Violence exercée contre les réfugiés à la frontière entre Bosnie et Croatie

An engem oppene Bréif vun den Ausseministère Jean Asselborn melle sech verschidden ONGen zur Wuert.
Monsieur le Ministre,
Avec consternation nous recevons, notamment lors des visites sur place des responsables de Catch a Smile, des rapports de personnes concernées au Nord de la Bosnie qui informent du traitement violent inacceptable à l’encontre de réfugiés et de migrants qui tentent le passage de la Bosnie vers la Croatie, donc l’entrée dans l’Union Européenne.
Indépendamment de la question de savoir si ce passage est illégal ou non, la législation internationale sur l’asile donne le droit à toute personne de demander protection et lui accorde le droit que cette demande soit analysée de façon impartiale.

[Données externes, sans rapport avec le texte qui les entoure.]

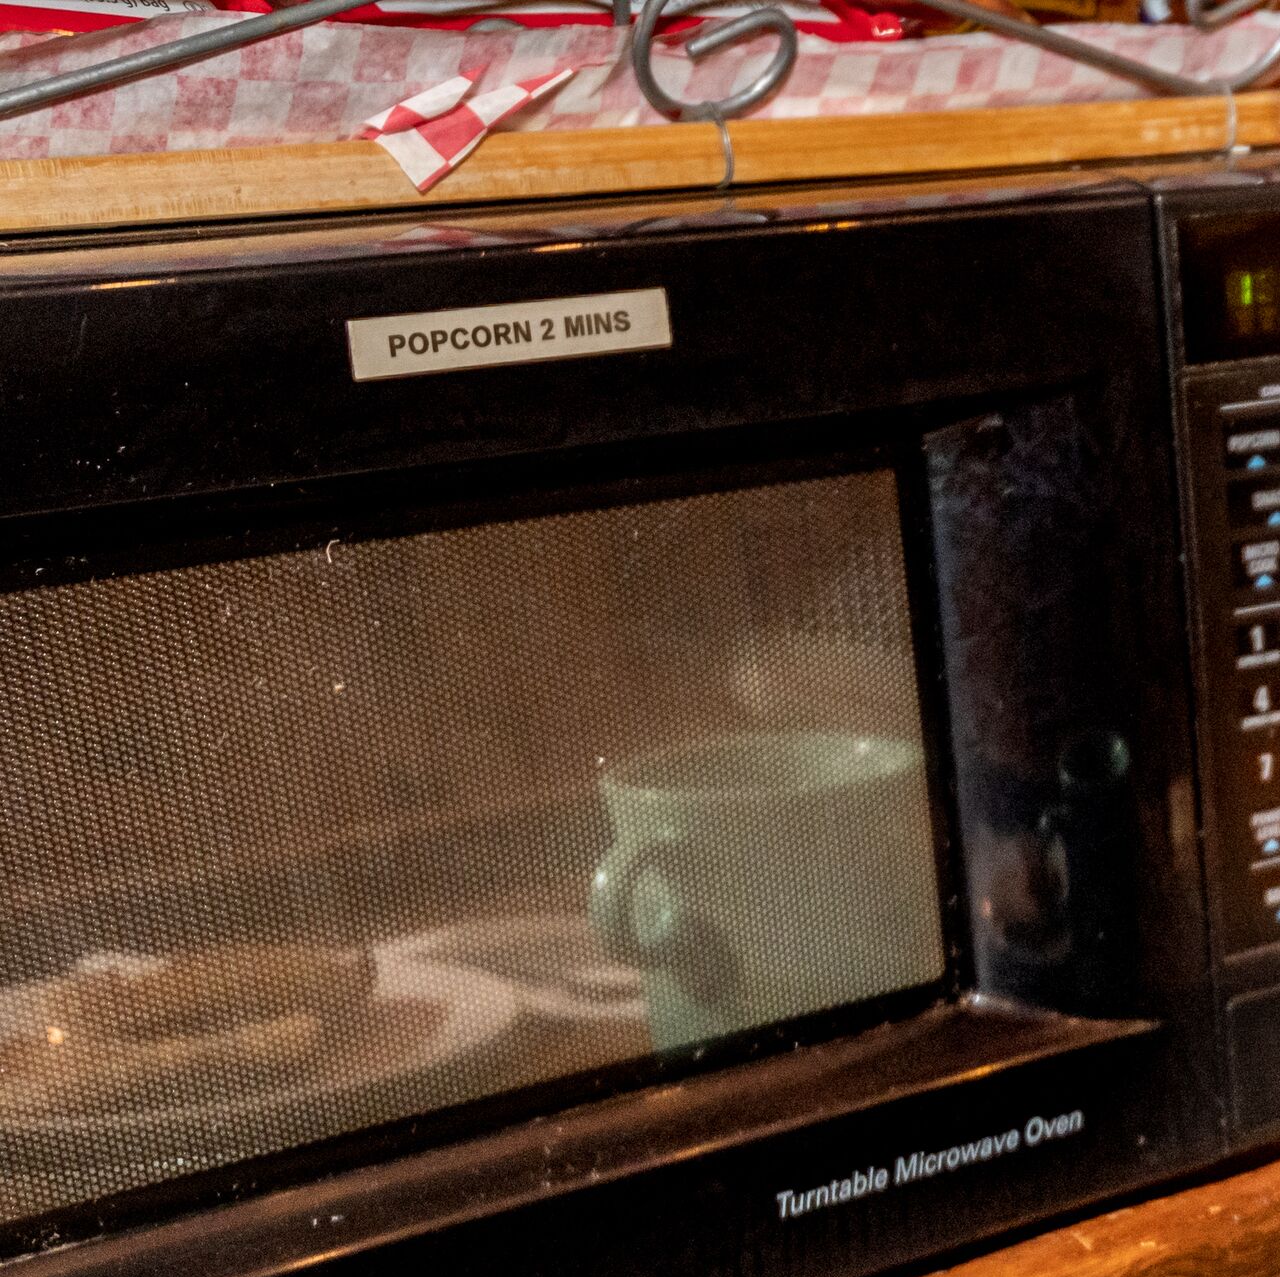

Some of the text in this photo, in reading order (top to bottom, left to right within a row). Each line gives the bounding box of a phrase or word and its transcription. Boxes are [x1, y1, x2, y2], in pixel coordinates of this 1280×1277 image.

Or les gardes frontières croates ne repoussent (« pushback ») pas seulement les réfugiés et les migrants vers la Bosnie, mais ils leur infligent délibérément des blessures et des humiliations qui sont destinées à les empêcher de tenter à nouveau le passage dans l’UE. Il est apparent que la Croatie agit de cette façon pour préparer son entrée dans l’espace Schengen, et d’ailleurs les responsables du reste de l’Union Européenne ne condamnent pas cette violence, au contraire des équipements de la police croate sont financés par d’autres pays de l’UE.
Dans leurs rapports les concernés racontent que:
- ils ont été frappés durement, voire on leur a brisé les articulations pour les empêcher de marcher ;
- il y a même eu des cas de décès suite à des blessures graves;
- ils ont été déshabillés à des températures bien en-dessous de 0 degrés, leurs vêtements ont été brûlés devant leurs yeux, on leur a demandé s’ils avaient froid et on leur a recommandé de se réchauffer au feu de leurs propres habits ;
- on leur a volé l’argent et leurs téléphones mobiles pour leur enlever toute possibilité de s’orienter et de se déplacer ;
- on leur a enlevé les souliers et on les a fait marcher sans souliers de longs kilomètres pour retourner en Bosnie.
Ces violences ont récemment fait l’objet d’un reportage sur RTL le 23 janvier 2020 et ont également été rapportées dans la presse écrite, p. ex. l’article de Deutsche Welle du 12 février 2020. Le « Border Violence Monitoring Network » mentionne des rapports similaires déjà depuis 2017 de plusieurs associations : UNHCR, Oxfam, Human Rights Watch, Amnesty International, Médecins sans Frontières, BalkanInsight, « Are you Syrious ». Aussi la « Tagesschau », surtout leur studio « Südosteuropa », documente et dénonce ces pratiques régulièrement. Au Parlement Européen des députés ont confronté d’ailleurs le premier ministre de la Croatie le 14.1.2020 avec ces violences, or les responsables croates ont démenti ces faits, comme « Pro Asyl » l’a documenté le lendemain.
Il y a lieu de noter par ailleurs que plusieurs ONG sont actives de part et d’autre de cette frontière pour alléger quelque peu le sort des réfugiés et des migrants, Catch a Smile s’y rend régulièrement et est en contact avec les organisations actives en permanence, et, parmi plusieurs autres, le JRS (Jesuit Refugee Service) - Croatie et - Bosnie y intervient continuellement.
Monsieur le Ministre, il nous paraît inconcevable qu’un traitement aussi atroce puisse avoir lieu à une frontière de l’Union Européenne au 21ème siècle, et ce de façon continue et systématique de la part de forces publiques d’un Etat membre de l’UE, qui assure par ailleurs pour l’instant la présidence de l’UE. Nous vous demandons d’intervenir aux niveaux compétents de l’UE pour que celle-ci prenne les mesures nécessaires et appropriées en interne et vis-à-vis de la Croatie afin que cette pratique indigne prenne fin dans les meilleurs délais. Notamment nous proposons que vous mettiez ce point sur l’ordre du jour du prochain Conseil des Ministres JAI (Justice et affaires intérieures).
Avec nos salutations respectueuses et nos remerciements anticipés.